***** INFORMATION SUPPLIED
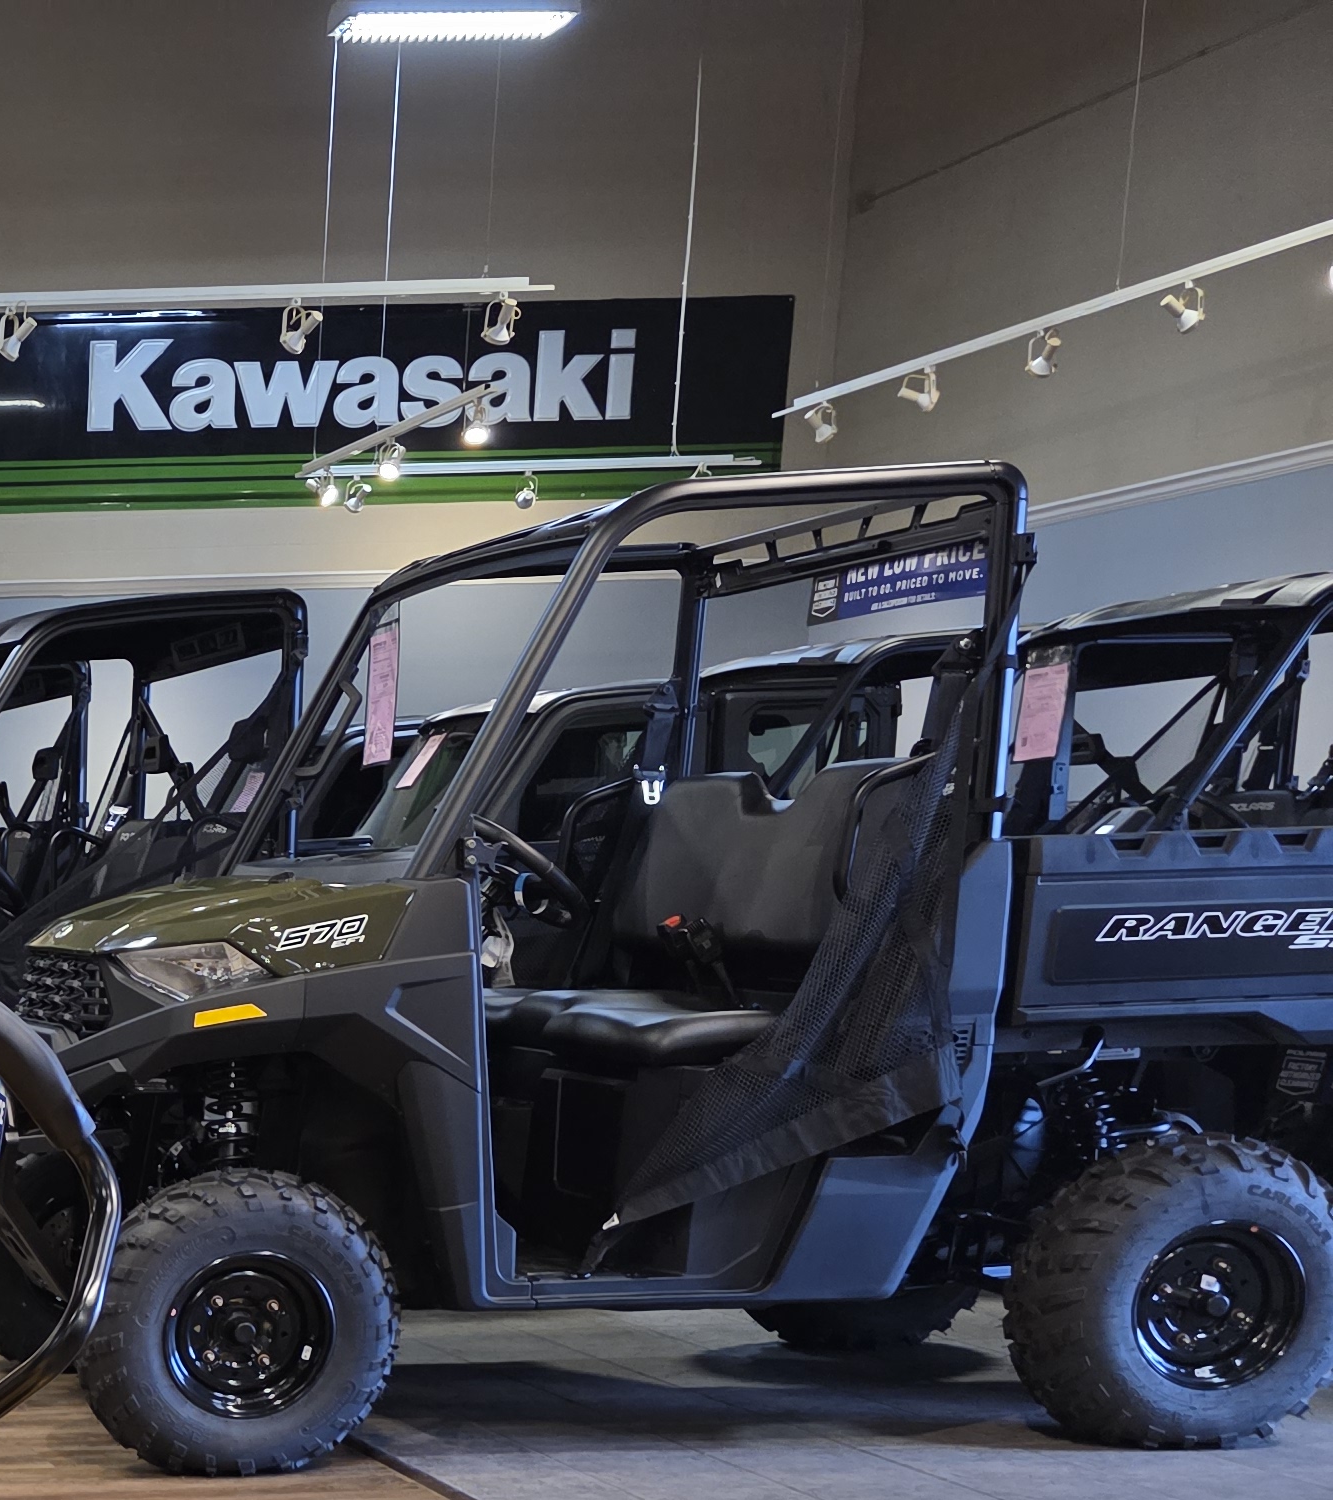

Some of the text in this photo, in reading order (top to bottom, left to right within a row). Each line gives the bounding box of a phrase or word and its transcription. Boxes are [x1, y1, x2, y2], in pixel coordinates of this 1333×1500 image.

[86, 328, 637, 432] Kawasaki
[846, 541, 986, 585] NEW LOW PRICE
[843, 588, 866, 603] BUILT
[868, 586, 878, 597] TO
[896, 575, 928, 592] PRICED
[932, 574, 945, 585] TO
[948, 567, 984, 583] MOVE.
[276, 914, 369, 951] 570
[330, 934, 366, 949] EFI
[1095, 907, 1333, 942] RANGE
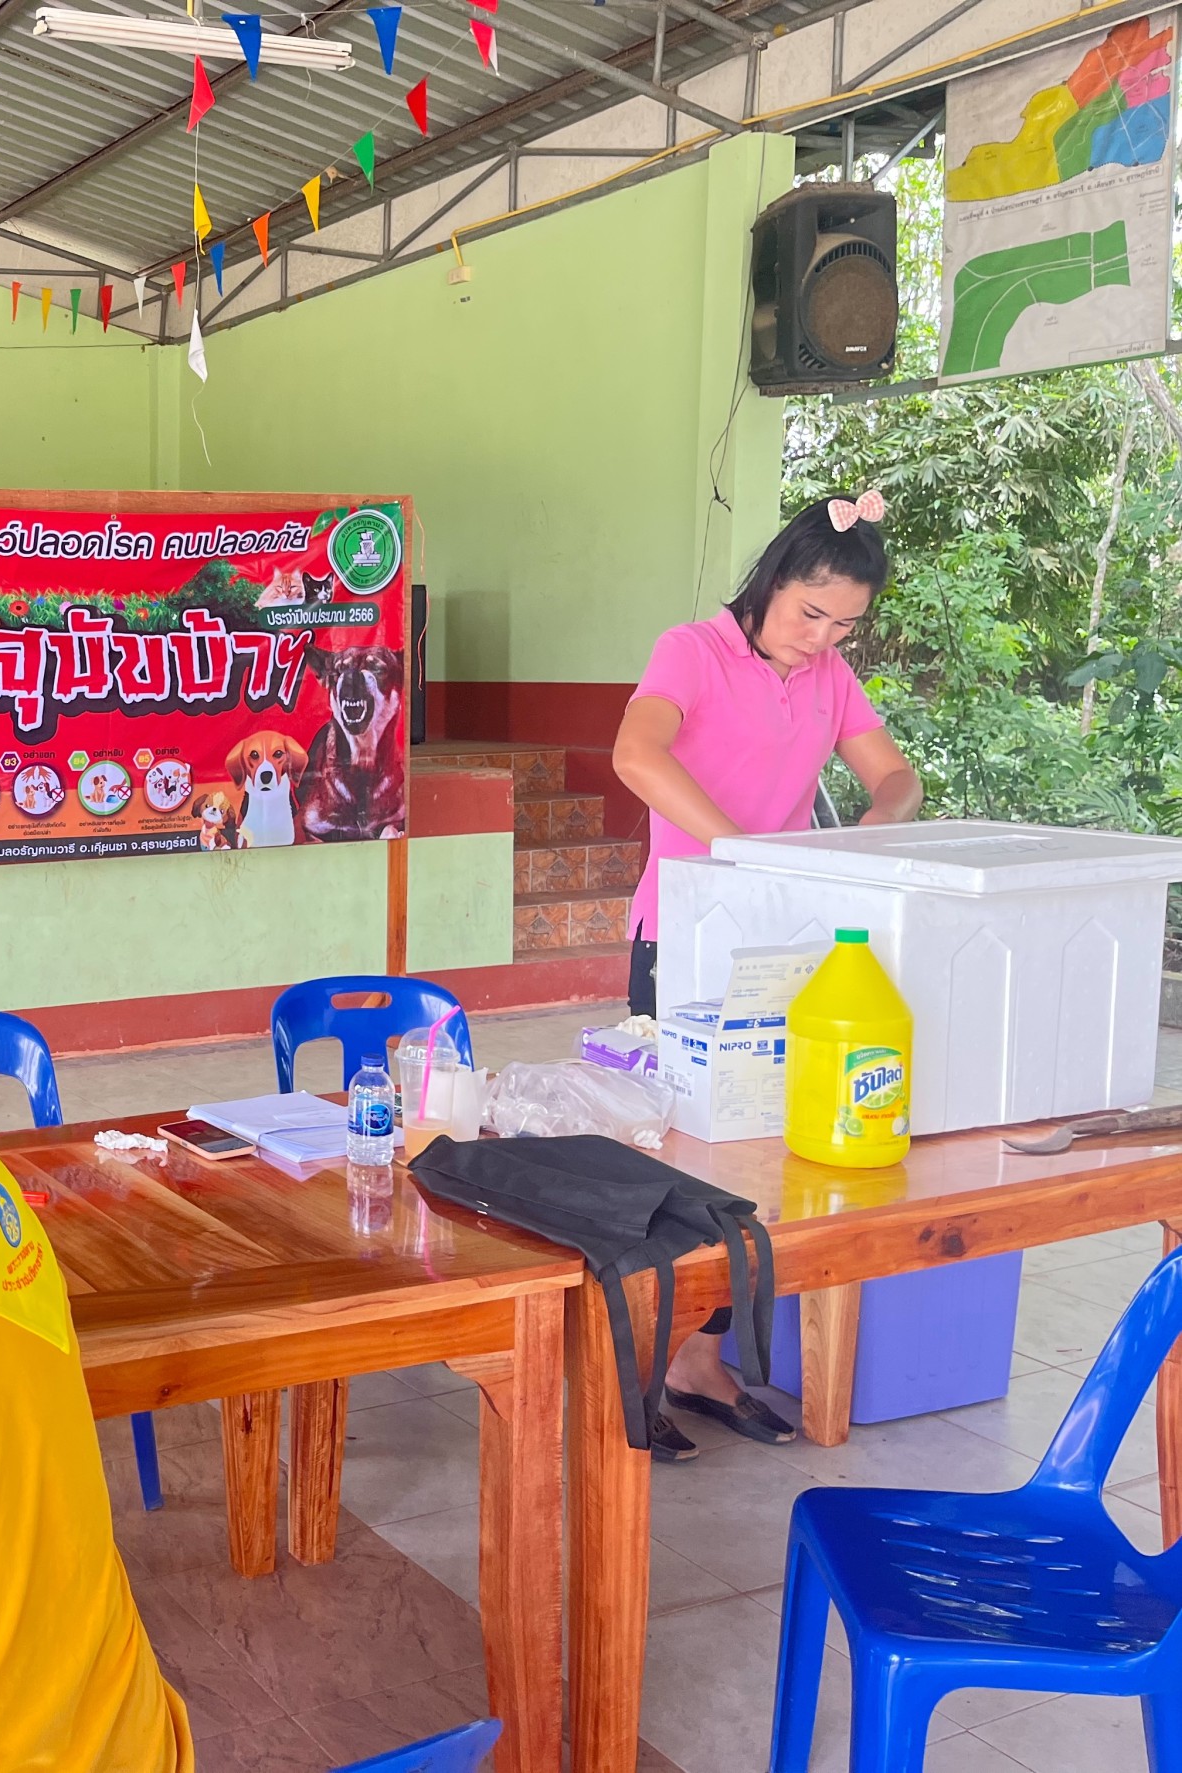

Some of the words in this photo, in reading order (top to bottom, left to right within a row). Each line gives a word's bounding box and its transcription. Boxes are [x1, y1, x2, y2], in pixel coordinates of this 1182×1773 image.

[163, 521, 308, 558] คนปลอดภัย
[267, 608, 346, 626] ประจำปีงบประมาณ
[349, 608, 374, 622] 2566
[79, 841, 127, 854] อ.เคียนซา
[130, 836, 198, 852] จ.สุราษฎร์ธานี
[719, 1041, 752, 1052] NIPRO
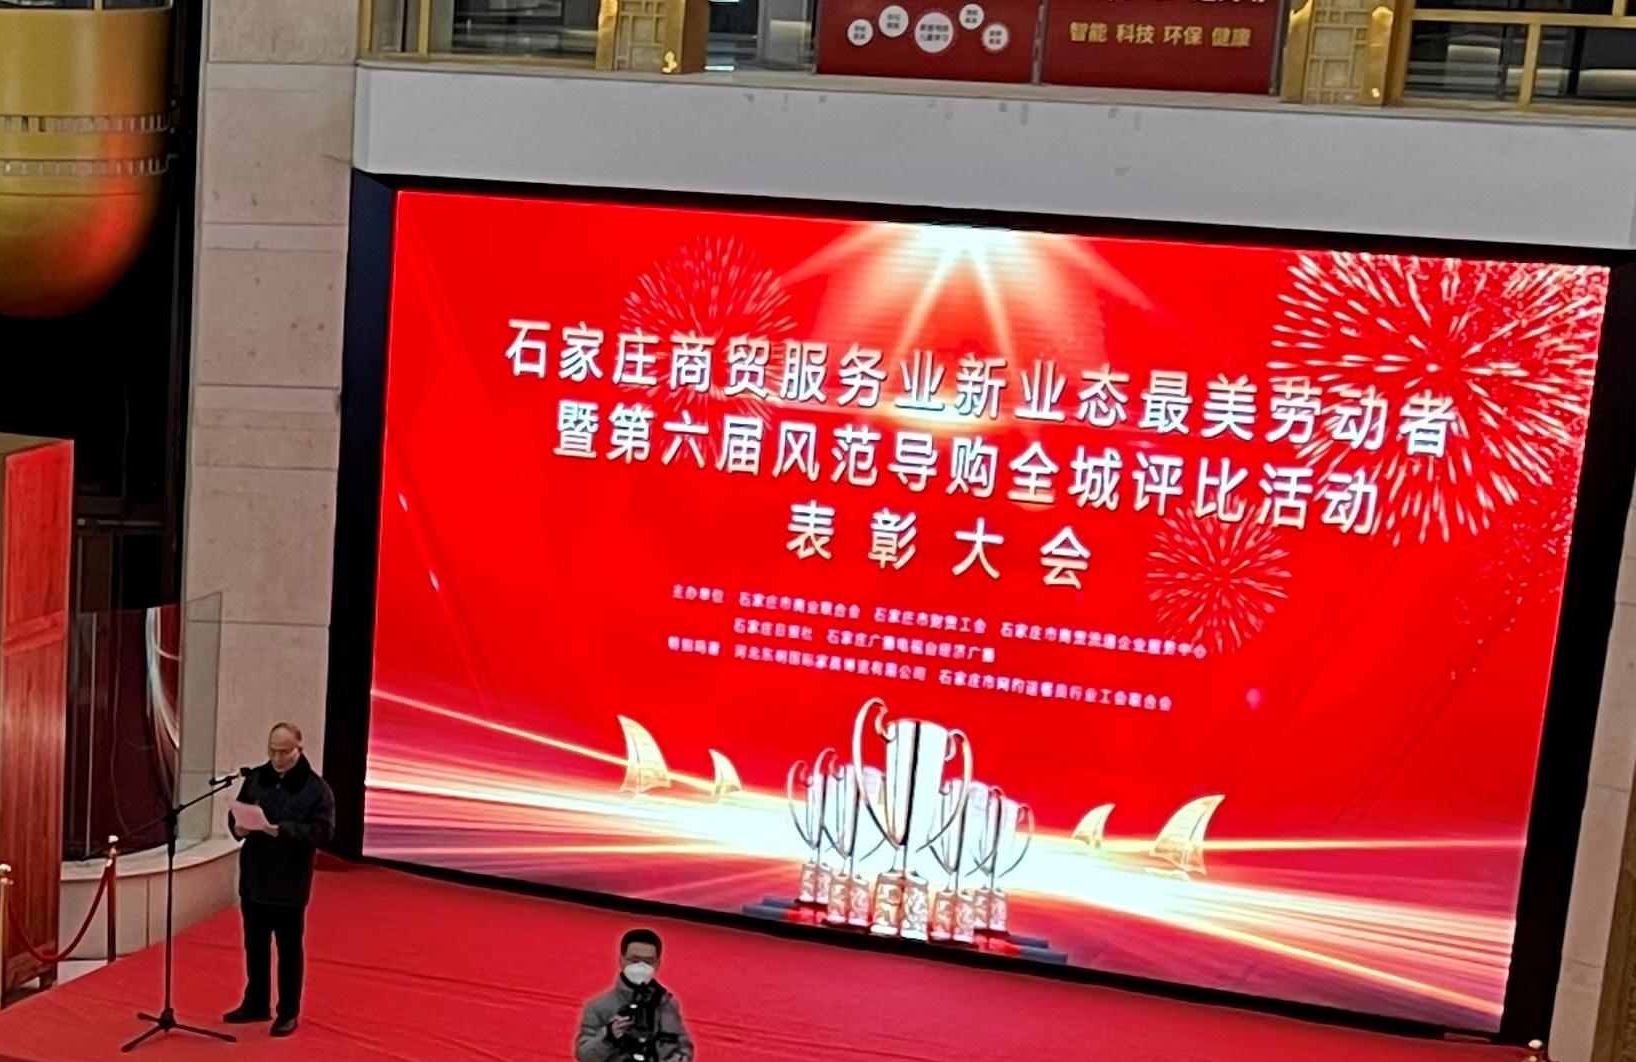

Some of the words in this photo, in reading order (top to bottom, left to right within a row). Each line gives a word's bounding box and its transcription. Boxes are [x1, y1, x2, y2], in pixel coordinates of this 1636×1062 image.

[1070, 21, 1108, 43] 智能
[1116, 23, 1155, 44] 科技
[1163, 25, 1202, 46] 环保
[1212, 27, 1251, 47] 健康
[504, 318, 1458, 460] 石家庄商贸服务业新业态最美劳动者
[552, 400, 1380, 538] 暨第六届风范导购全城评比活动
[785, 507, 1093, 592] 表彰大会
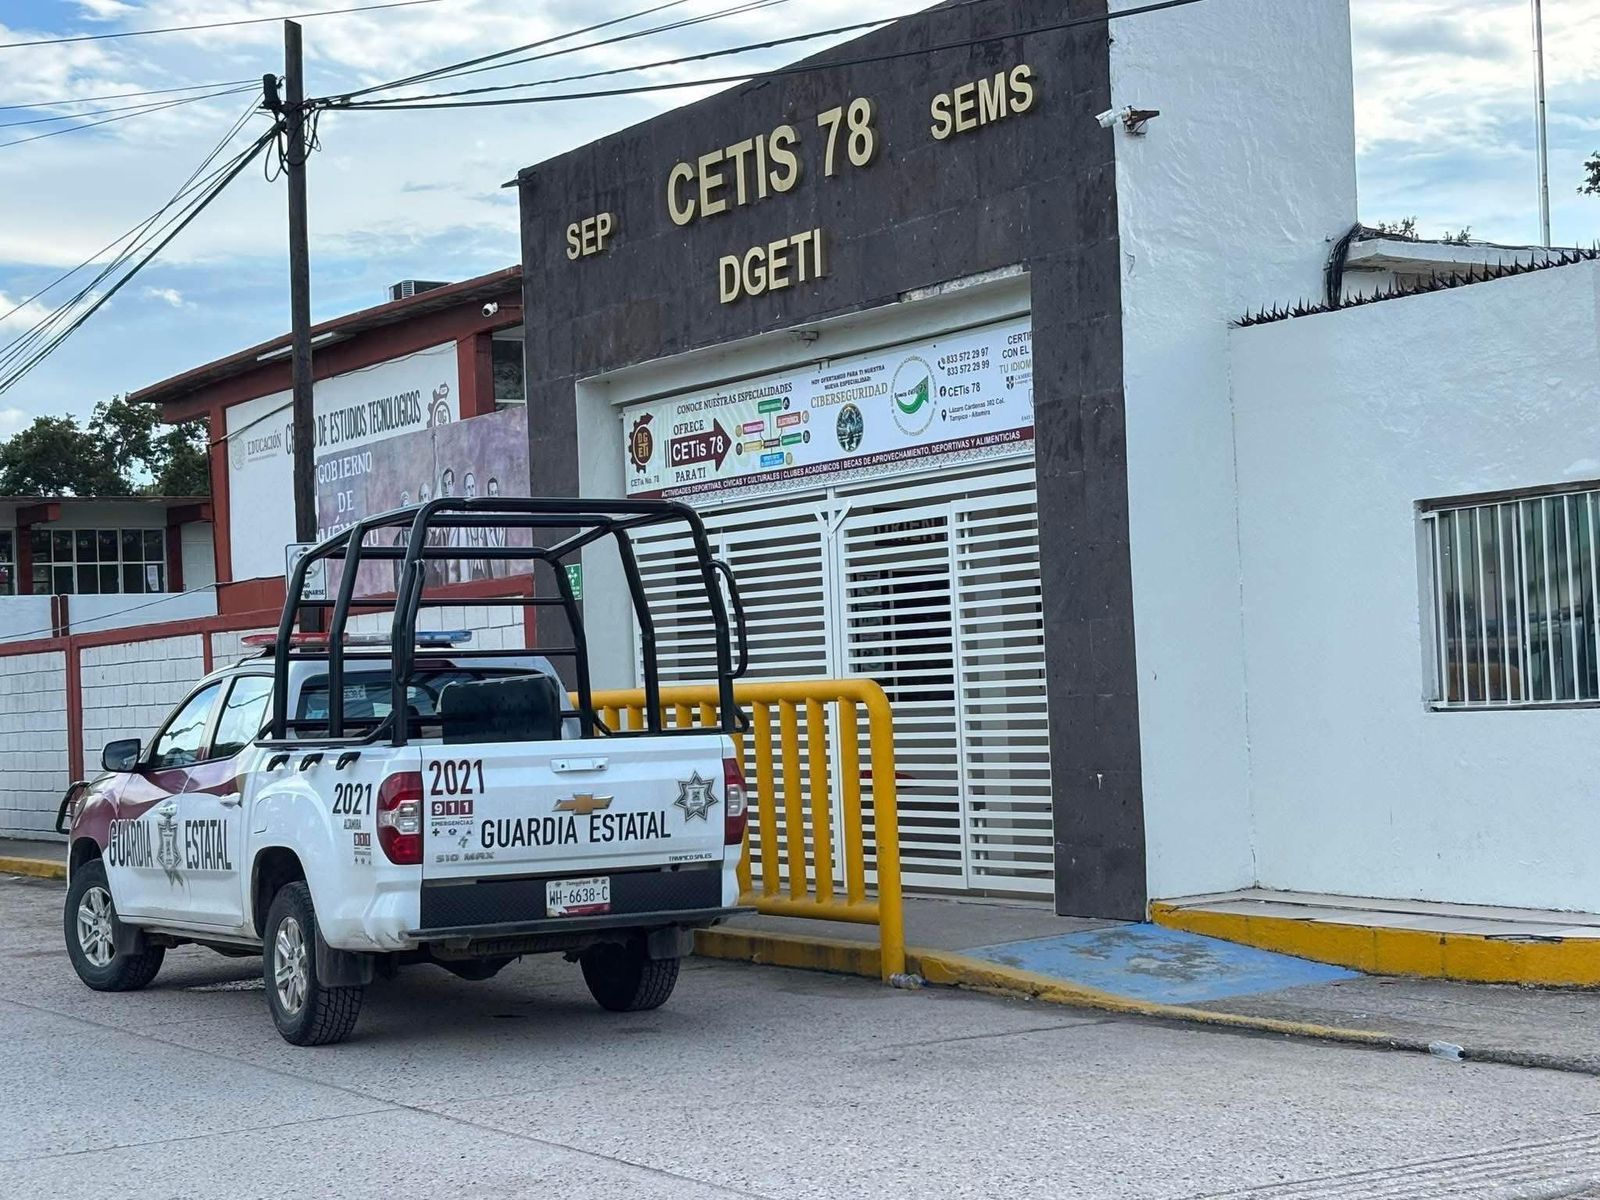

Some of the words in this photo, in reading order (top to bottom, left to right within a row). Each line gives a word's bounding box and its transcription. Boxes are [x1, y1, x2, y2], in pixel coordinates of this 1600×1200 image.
**********
> **THE PROBLEM**: Here the requirement is to restate exactly the line holding "this 1182×1773 image." and every later line through the end of the material, omitting pictures.

> **RESULT OF THE EXERCISE**:
Some of the words in this photo, in reading order (top to bottom, left to right within a row). Each line gives a word's bounding box and its transcription. Boxes are [x1, y1, x2, y2], in pixel coordinates of this 1182×1773 image.

[163, 521, 308, 558] คนปลอดภัย
[267, 608, 346, 626] ประจำปีงบประมาณ
[349, 608, 374, 622] 2566
[79, 841, 127, 854] อ.เคียนซา
[130, 836, 198, 852] จ.สุราษฎร์ธานี
[719, 1041, 752, 1052] NIPRO

Some of the words in this photo, in reading order (top to bottom, left to right within a row). Each line gives a word's bounding box and its transcription. Boxes are [x1, y1, x2, y2], in pixel coordinates of this 1636×1062 image.

[1070, 21, 1108, 43] 智能
[1116, 23, 1155, 44] 科技
[1163, 25, 1202, 46] 环保
[1212, 27, 1251, 47] 健康
[504, 318, 1458, 460] 石家庄商贸服务业新业态最美劳动者
[552, 400, 1380, 538] 暨第六届风范导购全城评比活动
[785, 507, 1093, 592] 表彰大会

Some of the words in this photo, in reading order (top to bottom, left to right within a row). Each line gives a word's bounding box and its transcription. Boxes are [x1, y1, x2, y2], in pixel coordinates of this 1600×1200 image.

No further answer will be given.